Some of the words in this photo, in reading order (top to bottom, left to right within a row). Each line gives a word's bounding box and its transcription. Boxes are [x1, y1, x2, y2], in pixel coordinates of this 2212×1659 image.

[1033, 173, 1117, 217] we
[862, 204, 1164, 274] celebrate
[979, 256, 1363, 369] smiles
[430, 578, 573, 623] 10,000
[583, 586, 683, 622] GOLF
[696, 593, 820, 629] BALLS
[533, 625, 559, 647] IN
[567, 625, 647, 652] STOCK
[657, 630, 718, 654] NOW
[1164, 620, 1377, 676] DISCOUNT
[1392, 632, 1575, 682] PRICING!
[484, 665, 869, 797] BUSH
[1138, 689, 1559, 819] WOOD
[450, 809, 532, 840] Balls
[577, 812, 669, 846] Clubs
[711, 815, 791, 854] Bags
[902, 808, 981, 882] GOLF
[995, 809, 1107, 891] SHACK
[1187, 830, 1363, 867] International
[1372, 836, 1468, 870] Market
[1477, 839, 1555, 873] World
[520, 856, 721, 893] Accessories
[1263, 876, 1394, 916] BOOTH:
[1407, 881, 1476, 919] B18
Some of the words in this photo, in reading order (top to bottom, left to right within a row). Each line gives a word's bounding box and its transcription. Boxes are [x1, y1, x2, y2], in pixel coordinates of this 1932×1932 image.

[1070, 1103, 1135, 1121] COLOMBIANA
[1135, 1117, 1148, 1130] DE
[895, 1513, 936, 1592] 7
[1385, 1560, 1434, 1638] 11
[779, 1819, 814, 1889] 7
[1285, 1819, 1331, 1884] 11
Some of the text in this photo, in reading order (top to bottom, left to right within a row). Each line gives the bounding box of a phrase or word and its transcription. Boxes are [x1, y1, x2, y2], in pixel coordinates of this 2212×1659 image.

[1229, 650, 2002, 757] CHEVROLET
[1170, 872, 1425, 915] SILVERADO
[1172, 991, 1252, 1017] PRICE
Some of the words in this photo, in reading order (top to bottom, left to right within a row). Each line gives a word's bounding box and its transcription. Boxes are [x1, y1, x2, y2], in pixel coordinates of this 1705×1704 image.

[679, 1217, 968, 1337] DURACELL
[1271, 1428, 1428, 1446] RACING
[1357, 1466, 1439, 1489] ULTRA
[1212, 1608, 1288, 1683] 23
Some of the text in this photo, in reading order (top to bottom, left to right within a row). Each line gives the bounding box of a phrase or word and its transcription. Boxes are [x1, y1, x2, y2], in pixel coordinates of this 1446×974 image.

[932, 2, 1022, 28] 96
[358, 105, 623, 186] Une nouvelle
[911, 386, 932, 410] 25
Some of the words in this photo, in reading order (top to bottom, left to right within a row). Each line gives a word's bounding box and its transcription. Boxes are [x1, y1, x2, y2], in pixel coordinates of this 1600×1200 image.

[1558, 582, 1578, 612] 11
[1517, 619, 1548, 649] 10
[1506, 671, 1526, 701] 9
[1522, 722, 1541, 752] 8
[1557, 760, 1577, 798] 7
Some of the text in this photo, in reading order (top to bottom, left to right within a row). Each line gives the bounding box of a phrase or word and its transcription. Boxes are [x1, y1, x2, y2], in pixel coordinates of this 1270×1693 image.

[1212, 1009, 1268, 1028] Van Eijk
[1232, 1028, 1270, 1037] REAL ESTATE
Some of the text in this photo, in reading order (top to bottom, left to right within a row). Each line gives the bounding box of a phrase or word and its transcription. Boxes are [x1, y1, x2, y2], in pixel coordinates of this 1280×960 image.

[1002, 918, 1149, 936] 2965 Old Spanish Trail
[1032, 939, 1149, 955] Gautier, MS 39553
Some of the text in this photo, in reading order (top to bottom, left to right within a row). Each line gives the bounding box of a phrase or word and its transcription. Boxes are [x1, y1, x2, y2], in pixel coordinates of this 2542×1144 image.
--*--
### The task
Reproduce the full listing word for word.

### Output of the task
Some of the words in this photo, in reading order (top to bottom, left to right within a row). Each line gives a word's bounding box and its transcription. Boxes are [x1, y1, x2, y2], in pixel coordinates of this 2212×1659 image.

[1033, 173, 1117, 217] we
[862, 204, 1164, 274] celebrate
[979, 256, 1363, 369] smiles
[430, 578, 573, 623] 10,000
[583, 586, 683, 622] GOLF
[696, 593, 820, 629] BALLS
[533, 625, 559, 647] IN
[567, 625, 647, 652] STOCK
[657, 630, 718, 654] NOW
[1164, 620, 1377, 676] DISCOUNT
[1392, 632, 1575, 682] PRICING!
[484, 665, 869, 797] BUSH
[1138, 689, 1559, 819] WOOD
[450, 809, 532, 840] Balls
[577, 812, 669, 846] Clubs
[711, 815, 791, 854] Bags
[902, 808, 981, 882] GOLF
[995, 809, 1107, 891] SHACK
[1187, 830, 1363, 867] International
[1372, 836, 1468, 870] Market
[1477, 839, 1555, 873] World
[520, 856, 721, 893] Accessories
[1263, 876, 1394, 916] BOOTH:
[1407, 881, 1476, 919] B18
Some of the words in this photo, in reading order (top to bottom, left to right within a row). Each line gives a word's bounding box and its transcription. Boxes are [x1, y1, x2, y2], in pixel coordinates of this 1932×1932 image.

[1070, 1103, 1135, 1121] COLOMBIANA
[1135, 1117, 1148, 1130] DE
[895, 1513, 936, 1592] 7
[1385, 1560, 1434, 1638] 11
[779, 1819, 814, 1889] 7
[1285, 1819, 1331, 1884] 11
Some of the text in this photo, in reading order (top to bottom, left to right within a row). Each line gives the bounding box of a phrase or word and its transcription. Boxes are [x1, y1, x2, y2], in pixel coordinates of this 2212×1659 image.

[1229, 650, 2002, 757] CHEVROLET
[1170, 872, 1425, 915] SILVERADO
[1172, 991, 1252, 1017] PRICE
Some of the words in this photo, in reading order (top to bottom, left to right within a row). Each line gives a word's bounding box and its transcription. Boxes are [x1, y1, x2, y2], in pixel coordinates of this 1705×1704 image.

[679, 1217, 968, 1337] DURACELL
[1271, 1428, 1428, 1446] RACING
[1357, 1466, 1439, 1489] ULTRA
[1212, 1608, 1288, 1683] 23
Some of the text in this photo, in reading order (top to bottom, left to right within a row). Each line gives the bounding box of a phrase or word and its transcription. Boxes are [x1, y1, x2, y2], in pixel coordinates of this 1446×974 image.

[932, 2, 1022, 28] 96
[358, 105, 623, 186] Une nouvelle
[911, 386, 932, 410] 25
Some of the words in this photo, in reading order (top to bottom, left to right within a row). Each line gives a word's bounding box and its transcription. Boxes are [x1, y1, x2, y2], in pixel coordinates of this 1600×1200 image.

[1558, 582, 1578, 612] 11
[1517, 619, 1548, 649] 10
[1506, 671, 1526, 701] 9
[1522, 722, 1541, 752] 8
[1557, 760, 1577, 798] 7
Some of the text in this photo, in reading order (top to bottom, left to right within a row). Each line gives the bounding box of a phrase or word and its transcription. Boxes are [x1, y1, x2, y2], in pixel coordinates of this 1270×1693 image.

[1212, 1009, 1268, 1028] Van Eijk
[1232, 1028, 1270, 1037] REAL ESTATE
Some of the text in this photo, in reading order (top to bottom, left to right within a row). Each line gives the bounding box of a phrase or word and its transcription. Boxes are [x1, y1, x2, y2], in pixel coordinates of this 1280×960 image.

[1002, 918, 1149, 936] 2965 Old Spanish Trail
[1032, 939, 1149, 955] Gautier, MS 39553
Some of the text in this photo, in reading order (top to bottom, left to right within a row). Each line gives the bounding box of a phrase or word and its transcription. Boxes are [x1, y1, x2, y2], in pixel coordinates of this 2542×1144 image.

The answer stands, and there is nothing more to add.